:: Dataset content ::
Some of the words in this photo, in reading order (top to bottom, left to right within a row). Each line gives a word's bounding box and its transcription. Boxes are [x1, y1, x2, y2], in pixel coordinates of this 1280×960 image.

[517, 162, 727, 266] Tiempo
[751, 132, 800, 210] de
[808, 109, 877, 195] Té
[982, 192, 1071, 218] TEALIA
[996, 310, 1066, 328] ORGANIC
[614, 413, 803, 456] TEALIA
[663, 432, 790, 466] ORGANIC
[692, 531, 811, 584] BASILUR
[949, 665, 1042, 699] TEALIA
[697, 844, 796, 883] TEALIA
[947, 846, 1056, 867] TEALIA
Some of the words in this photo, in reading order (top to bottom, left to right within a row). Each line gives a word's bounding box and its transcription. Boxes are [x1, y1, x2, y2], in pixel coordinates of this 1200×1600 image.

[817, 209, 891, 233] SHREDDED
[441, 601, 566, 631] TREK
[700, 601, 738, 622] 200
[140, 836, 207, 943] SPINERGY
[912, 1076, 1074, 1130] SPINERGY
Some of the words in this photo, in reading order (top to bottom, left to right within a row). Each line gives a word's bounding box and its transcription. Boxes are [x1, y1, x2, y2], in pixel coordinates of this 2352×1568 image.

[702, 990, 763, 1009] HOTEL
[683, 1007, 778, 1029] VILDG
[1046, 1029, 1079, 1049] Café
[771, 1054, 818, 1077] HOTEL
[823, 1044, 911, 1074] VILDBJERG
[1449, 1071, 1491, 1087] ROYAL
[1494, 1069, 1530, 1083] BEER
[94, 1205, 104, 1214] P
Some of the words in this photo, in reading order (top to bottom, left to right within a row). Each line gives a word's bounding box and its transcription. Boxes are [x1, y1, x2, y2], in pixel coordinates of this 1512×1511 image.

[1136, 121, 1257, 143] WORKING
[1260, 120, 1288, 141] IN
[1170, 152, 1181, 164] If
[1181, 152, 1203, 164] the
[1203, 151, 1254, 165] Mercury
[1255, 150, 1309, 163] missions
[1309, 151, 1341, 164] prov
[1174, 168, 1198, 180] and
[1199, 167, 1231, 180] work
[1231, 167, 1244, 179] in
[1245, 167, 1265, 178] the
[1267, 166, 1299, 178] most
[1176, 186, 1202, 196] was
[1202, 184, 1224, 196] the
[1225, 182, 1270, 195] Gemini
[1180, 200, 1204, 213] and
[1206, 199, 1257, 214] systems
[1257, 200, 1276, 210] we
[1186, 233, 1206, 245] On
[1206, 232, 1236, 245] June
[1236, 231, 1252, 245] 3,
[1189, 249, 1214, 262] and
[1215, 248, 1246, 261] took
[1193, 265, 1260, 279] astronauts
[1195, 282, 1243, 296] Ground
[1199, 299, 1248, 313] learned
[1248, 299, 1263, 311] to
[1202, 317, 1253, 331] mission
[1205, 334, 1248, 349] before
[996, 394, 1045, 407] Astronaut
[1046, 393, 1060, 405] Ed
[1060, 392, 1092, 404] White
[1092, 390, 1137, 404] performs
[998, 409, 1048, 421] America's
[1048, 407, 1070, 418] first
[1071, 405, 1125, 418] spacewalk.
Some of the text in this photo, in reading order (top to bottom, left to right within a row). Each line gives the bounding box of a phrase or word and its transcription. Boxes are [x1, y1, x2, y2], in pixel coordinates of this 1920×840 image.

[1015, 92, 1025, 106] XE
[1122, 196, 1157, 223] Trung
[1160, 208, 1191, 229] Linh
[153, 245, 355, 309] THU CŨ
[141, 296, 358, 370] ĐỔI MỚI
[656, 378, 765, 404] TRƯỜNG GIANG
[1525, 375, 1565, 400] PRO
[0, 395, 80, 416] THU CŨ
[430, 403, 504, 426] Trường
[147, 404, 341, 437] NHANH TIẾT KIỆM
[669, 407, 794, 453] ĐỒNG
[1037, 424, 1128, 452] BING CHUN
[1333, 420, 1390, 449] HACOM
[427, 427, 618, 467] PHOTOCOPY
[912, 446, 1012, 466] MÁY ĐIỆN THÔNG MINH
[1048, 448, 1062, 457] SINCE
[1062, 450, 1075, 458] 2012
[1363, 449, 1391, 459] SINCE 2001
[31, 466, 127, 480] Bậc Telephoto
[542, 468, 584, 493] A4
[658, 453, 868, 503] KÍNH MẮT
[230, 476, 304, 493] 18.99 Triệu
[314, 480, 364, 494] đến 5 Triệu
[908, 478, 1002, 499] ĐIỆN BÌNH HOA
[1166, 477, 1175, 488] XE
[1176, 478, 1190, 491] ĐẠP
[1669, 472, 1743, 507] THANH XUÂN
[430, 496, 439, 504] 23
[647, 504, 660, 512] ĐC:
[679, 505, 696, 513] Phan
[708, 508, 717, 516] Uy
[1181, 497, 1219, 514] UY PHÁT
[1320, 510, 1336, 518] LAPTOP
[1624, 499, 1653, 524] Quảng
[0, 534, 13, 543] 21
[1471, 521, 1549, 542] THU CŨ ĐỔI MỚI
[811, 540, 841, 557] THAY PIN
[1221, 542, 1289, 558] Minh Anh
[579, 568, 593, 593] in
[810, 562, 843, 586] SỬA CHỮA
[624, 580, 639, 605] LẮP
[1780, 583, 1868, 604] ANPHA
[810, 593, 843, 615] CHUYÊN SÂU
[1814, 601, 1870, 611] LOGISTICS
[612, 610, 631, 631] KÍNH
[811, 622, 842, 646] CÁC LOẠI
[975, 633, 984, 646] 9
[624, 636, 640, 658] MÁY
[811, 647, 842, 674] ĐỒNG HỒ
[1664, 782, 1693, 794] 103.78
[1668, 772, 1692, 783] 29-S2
:::
▸ **Your task**
Copy out each entry once more, character for character.

▸ **Exercise answer**
Some of the words in this photo, in reading order (top to bottom, left to right within a row). Each line gives a word's bounding box and its transcription. Boxes are [x1, y1, x2, y2], in pixel coordinates of this 1280×960 image.

[517, 162, 727, 266] Tiempo
[751, 132, 800, 210] de
[808, 109, 877, 195] Té
[982, 192, 1071, 218] TEALIA
[996, 310, 1066, 328] ORGANIC
[614, 413, 803, 456] TEALIA
[663, 432, 790, 466] ORGANIC
[692, 531, 811, 584] BASILUR
[949, 665, 1042, 699] TEALIA
[697, 844, 796, 883] TEALIA
[947, 846, 1056, 867] TEALIA
Some of the words in this photo, in reading order (top to bottom, left to right within a row). Each line gives a word's bounding box and its transcription. Boxes are [x1, y1, x2, y2], in pixel coordinates of this 1200×1600 image.

[817, 209, 891, 233] SHREDDED
[441, 601, 566, 631] TREK
[700, 601, 738, 622] 200
[140, 836, 207, 943] SPINERGY
[912, 1076, 1074, 1130] SPINERGY
Some of the words in this photo, in reading order (top to bottom, left to right within a row). Each line gives a word's bounding box and its transcription. Boxes are [x1, y1, x2, y2], in pixel coordinates of this 2352×1568 image.

[702, 990, 763, 1009] HOTEL
[683, 1007, 778, 1029] VILDG
[1046, 1029, 1079, 1049] Café
[771, 1054, 818, 1077] HOTEL
[823, 1044, 911, 1074] VILDBJERG
[1449, 1071, 1491, 1087] ROYAL
[1494, 1069, 1530, 1083] BEER
[94, 1205, 104, 1214] P
Some of the words in this photo, in reading order (top to bottom, left to right within a row). Each line gives a word's bounding box and its transcription. Boxes are [x1, y1, x2, y2], in pixel coordinates of this 1512×1511 image.

[1136, 121, 1257, 143] WORKING
[1260, 120, 1288, 141] IN
[1170, 152, 1181, 164] If
[1181, 152, 1203, 164] the
[1203, 151, 1254, 165] Mercury
[1255, 150, 1309, 163] missions
[1309, 151, 1341, 164] prov
[1174, 168, 1198, 180] and
[1199, 167, 1231, 180] work
[1231, 167, 1244, 179] in
[1245, 167, 1265, 178] the
[1267, 166, 1299, 178] most
[1176, 186, 1202, 196] was
[1202, 184, 1224, 196] the
[1225, 182, 1270, 195] Gemini
[1180, 200, 1204, 213] and
[1206, 199, 1257, 214] systems
[1257, 200, 1276, 210] we
[1186, 233, 1206, 245] On
[1206, 232, 1236, 245] June
[1236, 231, 1252, 245] 3,
[1189, 249, 1214, 262] and
[1215, 248, 1246, 261] took
[1193, 265, 1260, 279] astronauts
[1195, 282, 1243, 296] Ground
[1199, 299, 1248, 313] learned
[1248, 299, 1263, 311] to
[1202, 317, 1253, 331] mission
[1205, 334, 1248, 349] before
[996, 394, 1045, 407] Astronaut
[1046, 393, 1060, 405] Ed
[1060, 392, 1092, 404] White
[1092, 390, 1137, 404] performs
[998, 409, 1048, 421] America's
[1048, 407, 1070, 418] first
[1071, 405, 1125, 418] spacewalk.
Some of the text in this photo, in reading order (top to bottom, left to right within a row). Each line gives the bounding box of a phrase or word and its transcription. Boxes are [x1, y1, x2, y2], in pixel coordinates of this 1920×840 image.

[1015, 92, 1025, 106] XE
[1122, 196, 1157, 223] Trung
[1160, 208, 1191, 229] Linh
[153, 245, 355, 309] THU CŨ
[141, 296, 358, 370] ĐỔI MỚI
[656, 378, 765, 404] TRƯỜNG GIANG
[1525, 375, 1565, 400] PRO
[0, 395, 80, 416] THU CŨ
[430, 403, 504, 426] Trường
[147, 404, 341, 437] NHANH TIẾT KIỆM
[669, 407, 794, 453] ĐỒNG
[1037, 424, 1128, 452] BING CHUN
[1333, 420, 1390, 449] HACOM
[427, 427, 618, 467] PHOTOCOPY
[912, 446, 1012, 466] MÁY ĐIỆN THÔNG MINH
[1048, 448, 1062, 457] SINCE
[1062, 450, 1075, 458] 2012
[1363, 449, 1391, 459] SINCE 2001
[31, 466, 127, 480] Bậc Telephoto
[542, 468, 584, 493] A4
[658, 453, 868, 503] KÍNH MẮT
[230, 476, 304, 493] 18.99 Triệu
[314, 480, 364, 494] đến 5 Triệu
[908, 478, 1002, 499] ĐIỆN BÌNH HOA
[1166, 477, 1175, 488] XE
[1176, 478, 1190, 491] ĐẠP
[1669, 472, 1743, 507] THANH XUÂN
[430, 496, 439, 504] 23
[647, 504, 660, 512] ĐC:
[679, 505, 696, 513] Phan
[708, 508, 717, 516] Uy
[1181, 497, 1219, 514] UY PHÁT
[1320, 510, 1336, 518] LAPTOP
[1624, 499, 1653, 524] Quảng
[0, 534, 13, 543] 21
[1471, 521, 1549, 542] THU CŨ ĐỔI MỚI
[811, 540, 841, 557] THAY PIN
[1221, 542, 1289, 558] Minh Anh
[579, 568, 593, 593] in
[810, 562, 843, 586] SỬA CHỮA
[624, 580, 639, 605] LẮP
[1780, 583, 1868, 604] ANPHA
[810, 593, 843, 615] CHUYÊN SÂU
[1814, 601, 1870, 611] LOGISTICS
[612, 610, 631, 631] KÍNH
[811, 622, 842, 646] CÁC LOẠI
[975, 633, 984, 646] 9
[624, 636, 640, 658] MÁY
[811, 647, 842, 674] ĐỒNG HỒ
[1664, 782, 1693, 794] 103.78
[1668, 772, 1692, 783] 29-S2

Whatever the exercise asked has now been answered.